The above theorem indicates that by jointly considering nodes with high correlation, the calibration error can be reduced effectively. This motivates our design of SimCalib which explicitly considers the similarity between nodes at both global and local levels.

Related Work

Calibration for standard multi-class classification

The model calibration task was first proposed in 2017 (Guo et al. 2017). About this problem, works can be roughly classified as post-hoc and training based methods. Post-hoc methods calibrate pretrained nodewise classifiers in ways that preserve predictions, as featured by temperature scaling (TS) (Guo et al. 2017), ensemble temperature scaling (ETS) (Zhang, Kailkhura, and Han 2020), multi-class isotonic regression (IRM) (Zhang, Kailkhura, and Han 2020), spline calibration (Gupta et al. 2020), Dirichlet calibration (Kull et al. 2019), etc. In contrast, instead of transforming logits from a pretrained classifier, training based methods modify either the model architecture or the training process itself. A plethora of methods based on evidential theory (Sensoy, Kaplan, and Kandemir 2018), model ensembling (Lakshminarayanan, Pritzel, and Blundell 2017), adversarial calibration (Tomani and Buettner 2021) and Bayesian approach (Hernández-Lobato and Adams 2015; Wen et al. 2018) belongs to the category. Whereas training based methods provide more flexibility compared to post-hoc ones, a limitation is that they hardly promise accuracy-preserving, thereby requiring careful trade-off between accuracy and calibration performance.

GNN calibration

Comparatively, GNN calibration is currently less explored. Teixeira et al.(2019) empirically evaluate the post-hoc model calibration techniques developed for the standard i.i.d. setting on GNN calibration, and show that such a paradigm fails in the task due to an oversight of graph structural information. Afterwards, CaGCN (Wang et al. 2021) produces nodewise temperatures by processing nodewise logits via a graph convolutional network, to account for the graph structure. Additionally, GATS (Hsu et al. 2022) experimentally points out influential factors of GNN calibration and produces nodewise temperatures with an attention-based architecture. Furthermore, Hsu et al.(2022) propose edgewise calibration metrics. Recently, uncertainty quantification is also considered via conformal prediction (Huang et al. 2023; Zargarbashi, Antonelli, and Bojchevski 2023). However, our post-hoc calibration strategy differs from all the previous works with theoretical foundation and similarity-oriented mechanisms.

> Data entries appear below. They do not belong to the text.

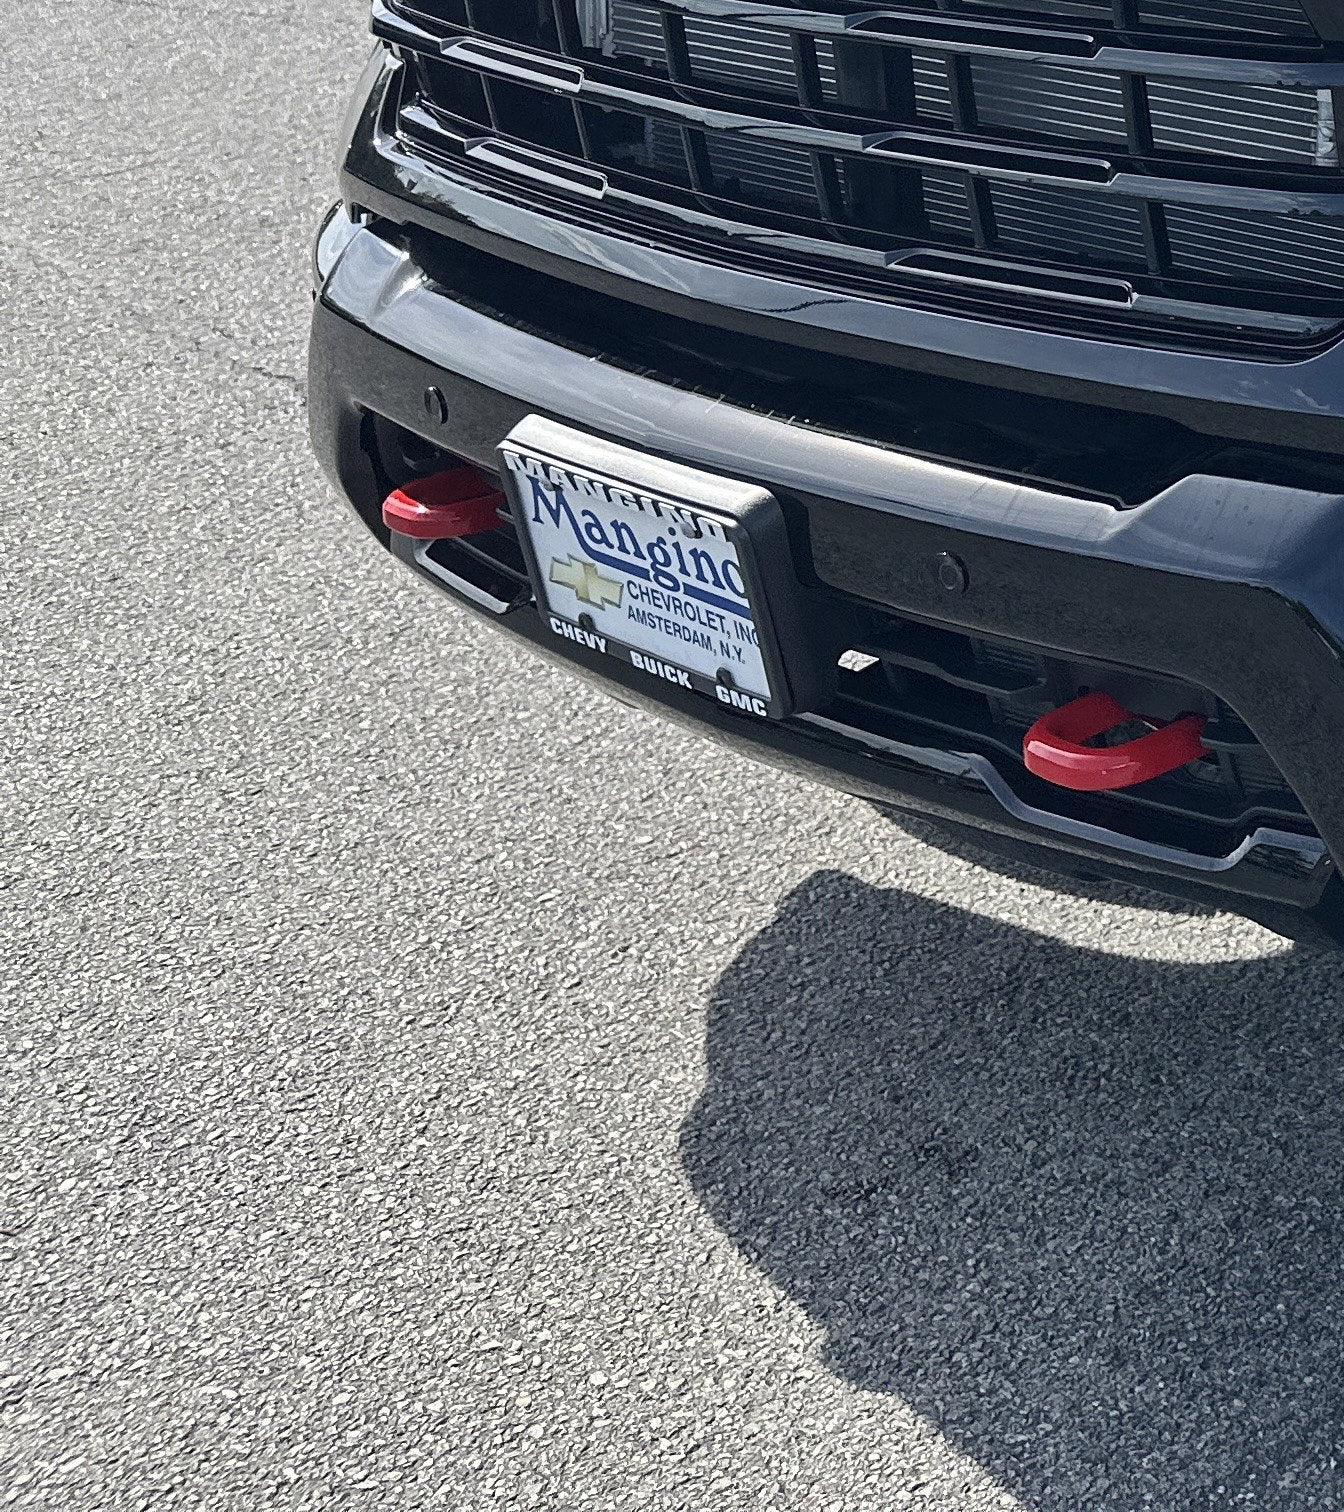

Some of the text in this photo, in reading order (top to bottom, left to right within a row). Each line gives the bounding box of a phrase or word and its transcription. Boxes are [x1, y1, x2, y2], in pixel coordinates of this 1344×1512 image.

[531, 474, 747, 599] Mangino
[627, 580, 731, 639] CHEVROLET,
[627, 606, 746, 664] AMSTERDAM, N.Y.
[550, 617, 768, 717] CHEVY BUICK GMC
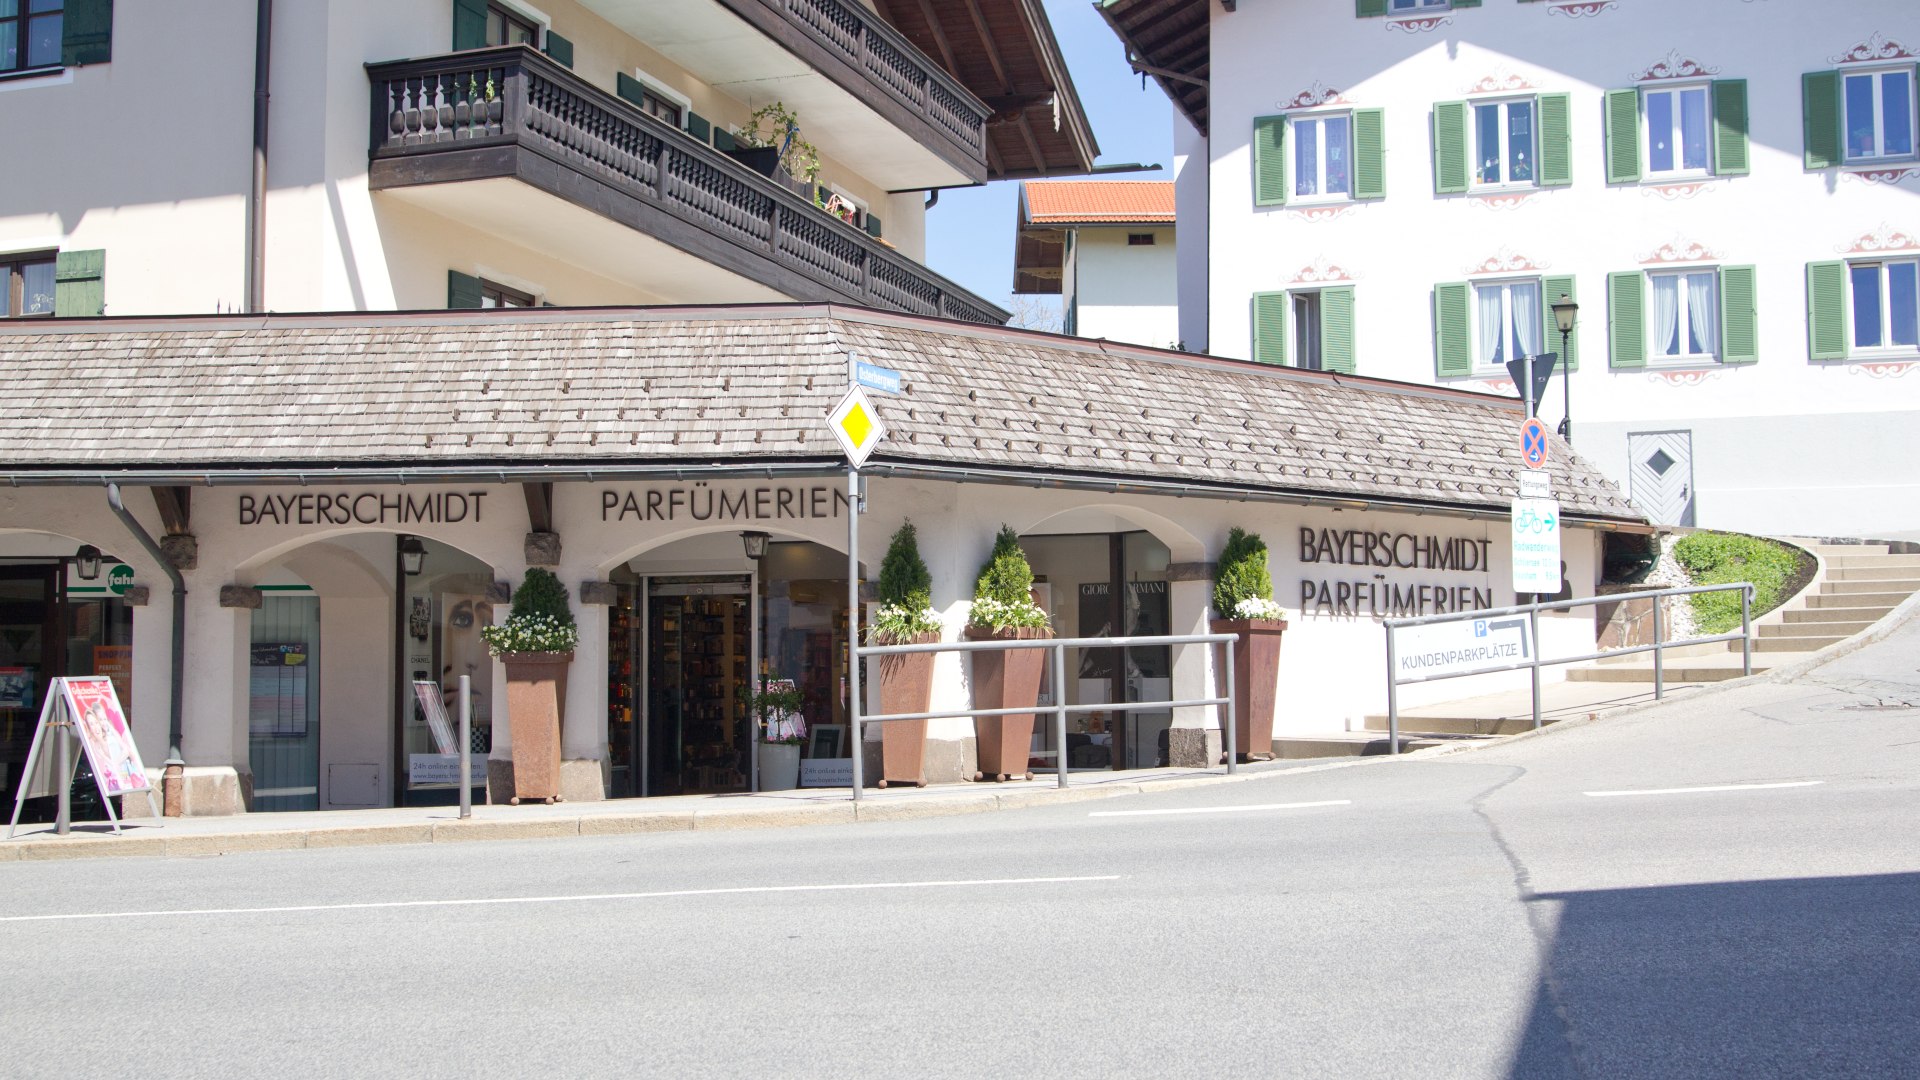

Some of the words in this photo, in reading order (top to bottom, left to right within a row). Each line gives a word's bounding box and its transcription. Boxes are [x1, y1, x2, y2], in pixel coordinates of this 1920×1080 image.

[239, 491, 487, 525] BAYERSCHMIDT
[1300, 527, 1492, 572] BAYERSCHMIDT
[1301, 573, 1492, 618] PARFÜMERIEN
[1402, 643, 1518, 670] KUNDENPARKPLÄTZE
[413, 762, 426, 770] 24h
[427, 762, 448, 770] online
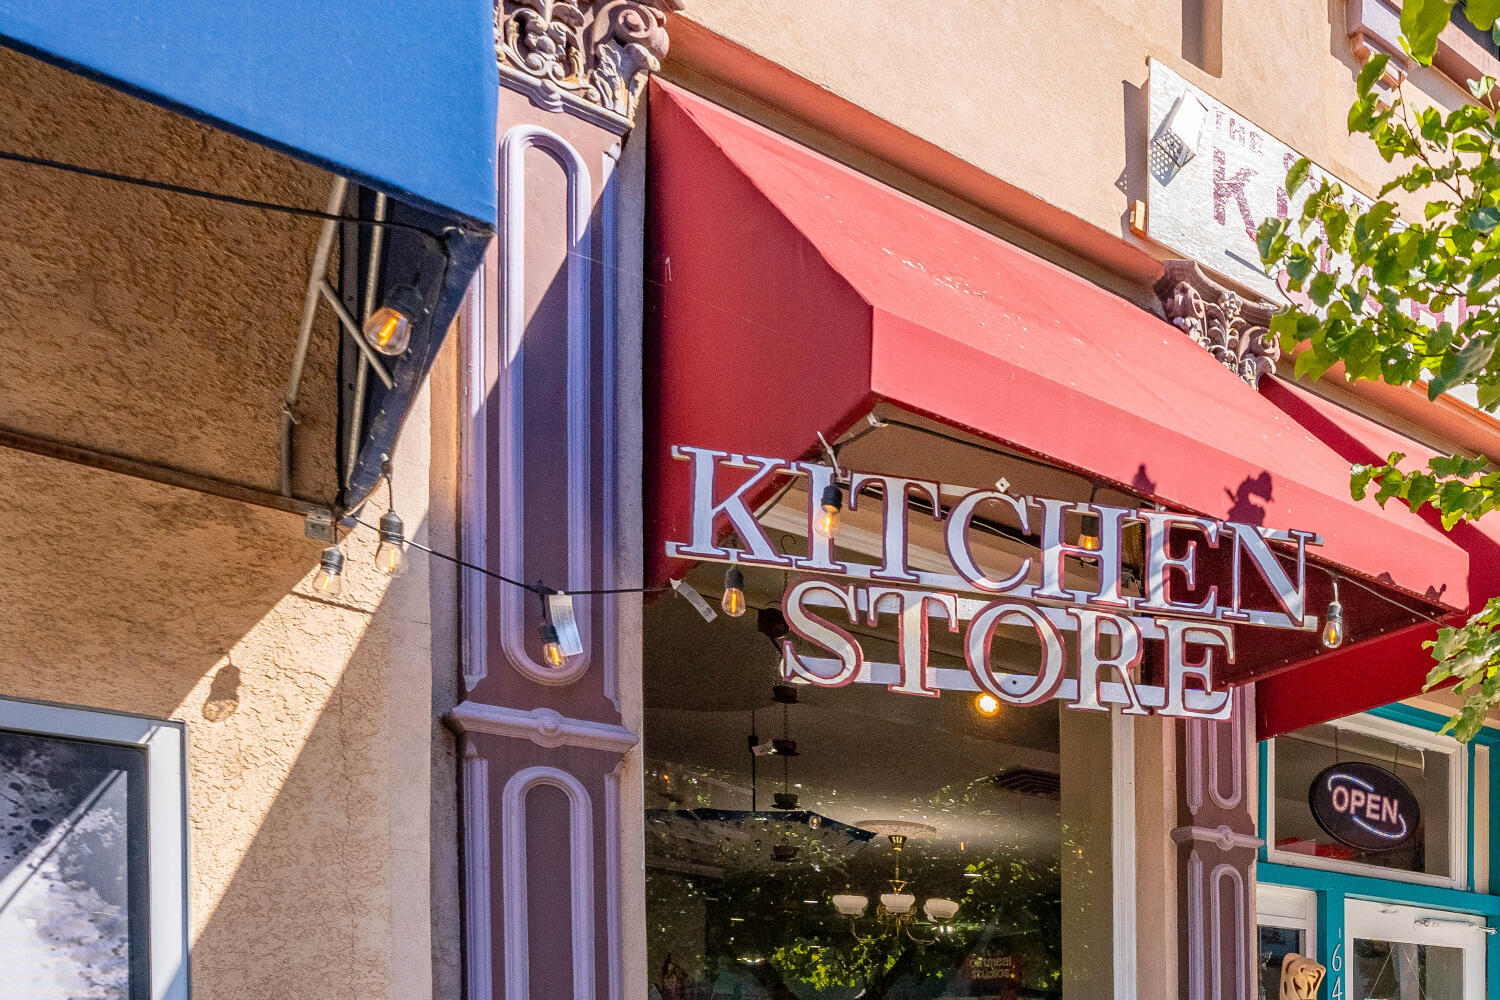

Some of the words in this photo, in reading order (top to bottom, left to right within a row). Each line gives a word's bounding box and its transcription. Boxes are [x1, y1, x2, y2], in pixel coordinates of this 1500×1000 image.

[677, 445, 1318, 630] KITCHEN
[781, 579, 1236, 721] STORE
[1332, 785, 1399, 825] OPEN
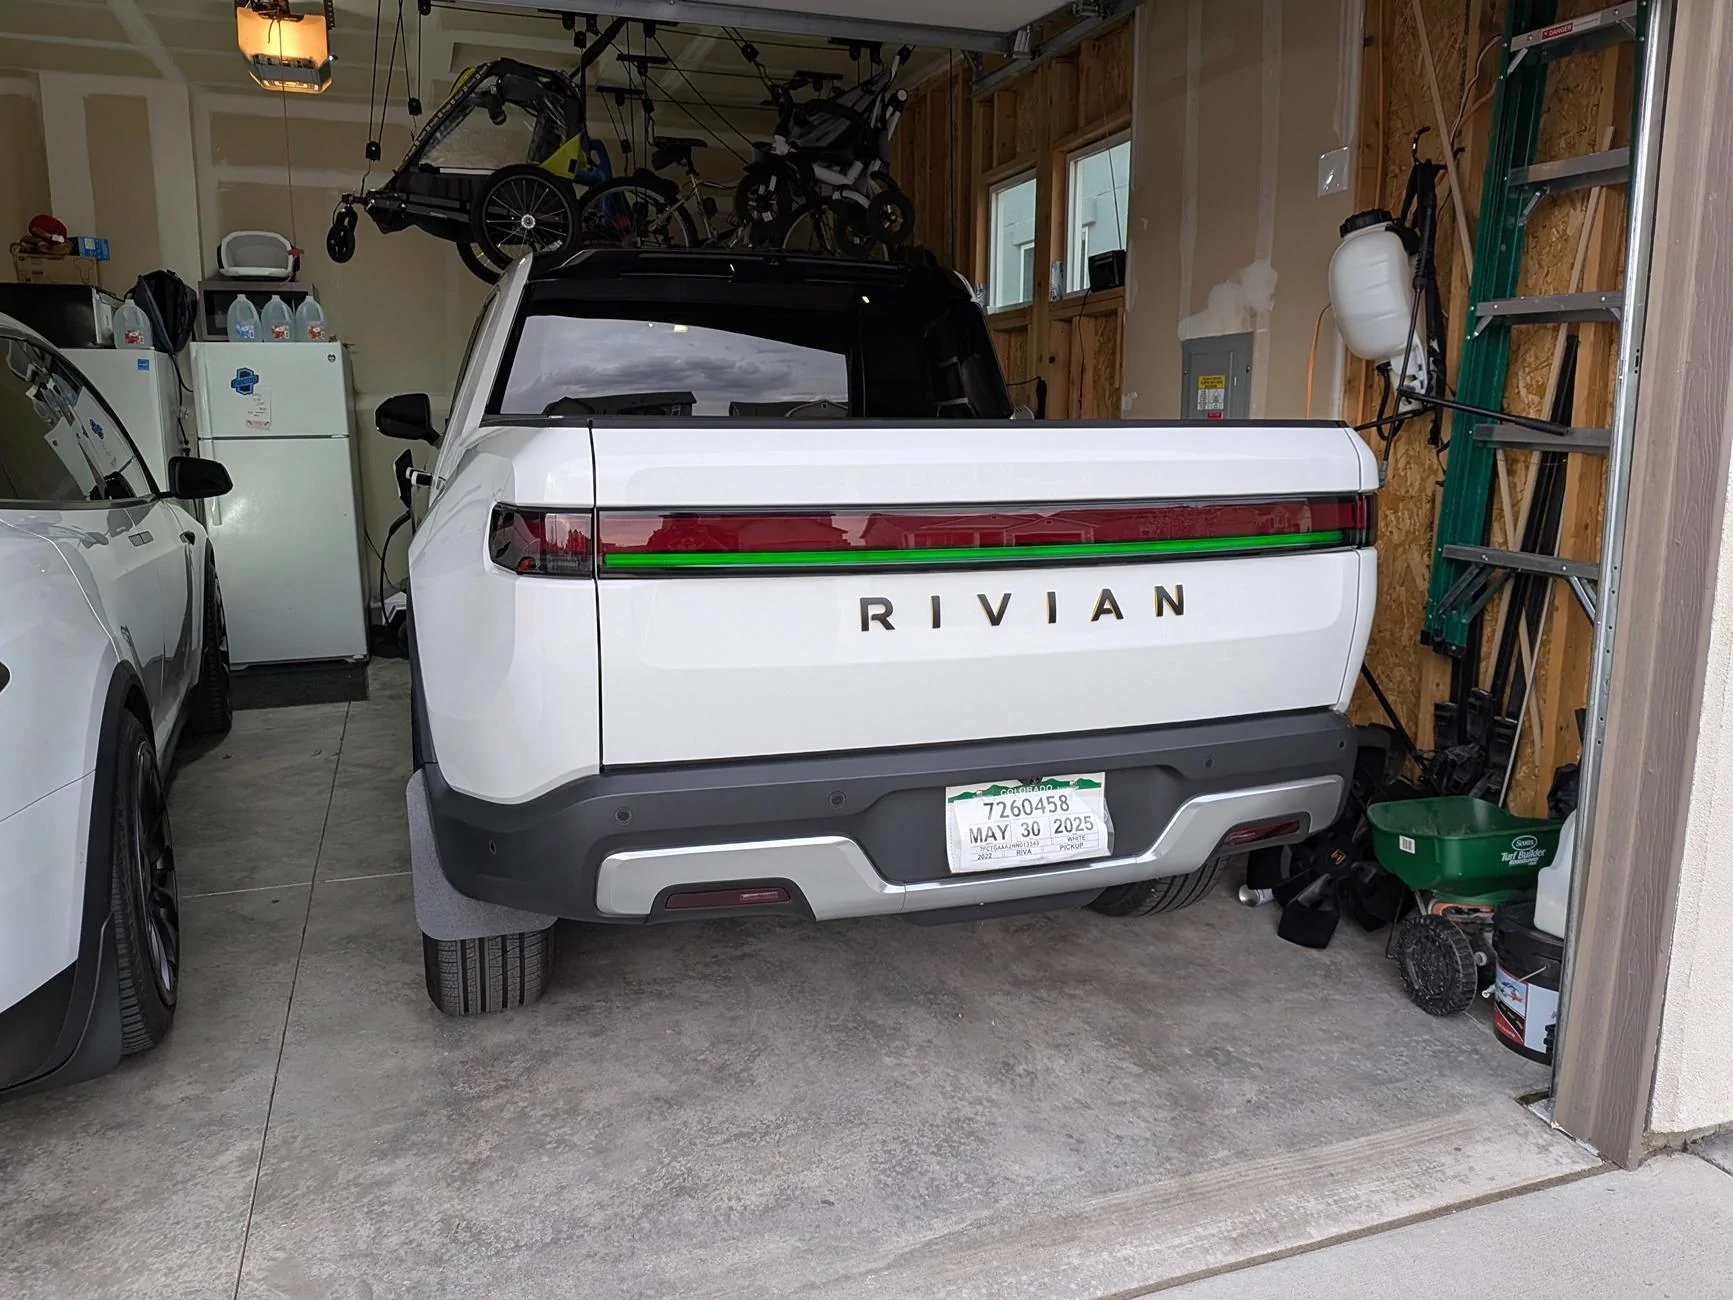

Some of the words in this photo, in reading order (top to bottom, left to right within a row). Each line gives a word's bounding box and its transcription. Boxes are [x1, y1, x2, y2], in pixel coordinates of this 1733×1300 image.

Refer to caption — Figure 1: Figure of our proposed calibration pipeline. Note that the pretrained classifier is frozen during the calibration process.

Methods

In light of our theorem, we aim at exploiting nodewise similarity in the process of GNN calibration. Thus we discuss two mechanisms, namely feature and representation movement similarities in this section.

Feature similarity propogation

An intuitive form of feature similarity is raw feature similarity. However, we find with experiments that it aligns badly with GNN predictions, and also the subsequent calibration process, thereby performing suboptimally in GNN calibration. Thus we calculate similarity based on intermediate features from the pretrained GNN classifier $G_{pre}$ , which is to be calibrated, because the intermediate features are better clustered and better aligned with GNN predictions (Kipf and Welling 2016). Hereafter we denote the intermediate feature map from the $l$ -th layer of $G_{pre}$ as $X_{pre}^{(l)}$ .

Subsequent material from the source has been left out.